Perception noise bottleneck: Symbolic grounding (VLM-to-ontology mapping) remains fragile; while the system can detect contradictions and degrade safely, a fundamental solution has yet to be explored.
Simulation-to-real gap: The ontology does not yet model continuous physical dynamics (e.g., friction forces), and deployment on physical robots requires further extension.
Computational overhead: VLM-Cascade incurs a latency of 168 s (approximately 2× that of the Hybrid Detector), and the Pellet reasoner is highly dependent on CPU performance.

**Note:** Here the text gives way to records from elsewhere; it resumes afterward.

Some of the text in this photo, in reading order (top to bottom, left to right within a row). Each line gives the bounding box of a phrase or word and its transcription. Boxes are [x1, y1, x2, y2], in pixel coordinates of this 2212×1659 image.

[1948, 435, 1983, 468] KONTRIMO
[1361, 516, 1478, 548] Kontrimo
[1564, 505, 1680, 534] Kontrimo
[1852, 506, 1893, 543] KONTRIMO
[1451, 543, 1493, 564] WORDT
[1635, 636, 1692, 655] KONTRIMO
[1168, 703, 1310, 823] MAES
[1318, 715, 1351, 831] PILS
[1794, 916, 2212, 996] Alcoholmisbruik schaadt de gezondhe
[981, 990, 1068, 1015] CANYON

vs. VeriPlan (Lee et al., 2025)¶

VeriPlan, as an iterative verifier, can identify which predefined rule has been violated ("what failed") but provides only corrective feedback. VIRF additionally supplies a causal proof trace ("why it failed"), forming a complete reasoning chain from object attributes to rule violations. This paradigm shift from correction to teaching enables VIRF to achieve a significantly lower FNR than a simple rejection strategy (20.2% vs. 33.0%).

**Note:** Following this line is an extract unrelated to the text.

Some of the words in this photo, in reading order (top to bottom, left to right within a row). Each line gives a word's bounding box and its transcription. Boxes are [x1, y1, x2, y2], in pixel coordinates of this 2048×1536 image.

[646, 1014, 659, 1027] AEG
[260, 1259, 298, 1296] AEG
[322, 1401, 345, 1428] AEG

vs. SAFER (Khan et al., 2025, Committee method)¶

SAFER employs a multi-LLM committee to generate natural-language safety critiques, offering explanations of why a plan may be unsafe. However, these explanations are stochastically generated and lack formal guarantees. VIRF's feedback is derived from deterministic logical proof traces, ensuring both formal verifiability and causal explicitness. In experiments, the Committee method yields a HAR of 7.6% (unable to eliminate hazardous actions), whereas VIRF achieves 0%.

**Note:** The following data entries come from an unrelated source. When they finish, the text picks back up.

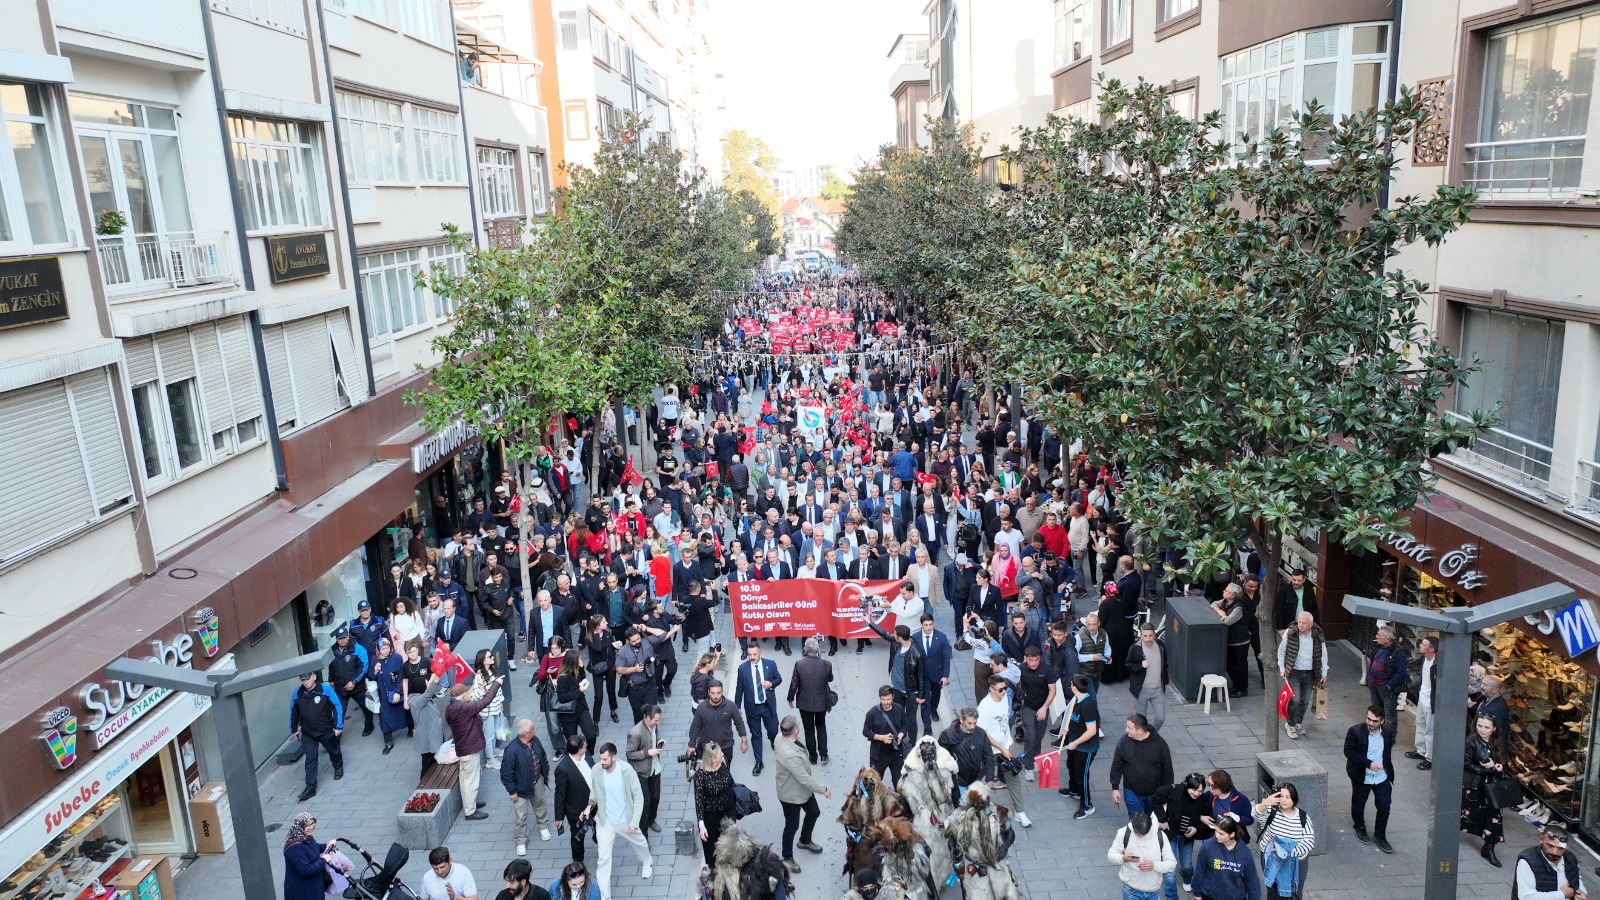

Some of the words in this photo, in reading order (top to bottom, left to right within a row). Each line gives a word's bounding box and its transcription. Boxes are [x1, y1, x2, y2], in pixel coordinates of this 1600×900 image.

[295, 243, 317, 255] AVUKAT
[0, 272, 39, 290] VUKAT
[11, 289, 62, 312] ZENGİN
[739, 584, 761, 593] 10.10
[740, 593, 768, 602] Dünya
[794, 600, 817, 609] Günü
[742, 611, 764, 619] Kutlu
[765, 610, 791, 619] Olsun
[48, 707, 69, 726] vicco
[97, 713, 129, 746] ÇOCUK
[131, 687, 170, 718] AYAKKA
[44, 780, 101, 834] Subebe
[202, 819, 210, 837] vicco

vs. End-to-End VLA Models (e.g., RT-2)¶

End-to-end vision-language-action models directly map pixels to action commands and are highly capable, but function as black boxes that resist formal verification. As an instance of a hierarchical architecture, VIRF explicitly separates high-level planning (LLM) from symbolic verification (Logic Tutor), injecting and verifying safety constraints at an interpretable interface—providing safety guarantees currently unattainable by end-to-end models.

Rating¶

⭐⭐⭐⭐ Novelty: The pedagogical paradigm (from correction to teaching) and the tutor–apprentice dialogue design are original; the dual-process cognitive analogy is natural and effective.
⭐⭐⭐⭐ Experimental Thoroughness: Multi-dimensional ablations (VIRF-Reject / RAG / Manual), discovery of the cognitive overload phenomenon, robustness testing, and scalability analysis constitute a comprehensive experimental design.
⭐⭐⭐⭐ Value: The combination of 0% HAR and high GCR has direct deployment value for safety-critical applications; the TAS knowledge engineering pipeline is reproducible.
⭐⭐⭐ Writing Quality: The paper is clearly structured with rich figures and tables, though the coordination of three major pillars and multiple subsystems introduces considerable overall complexity.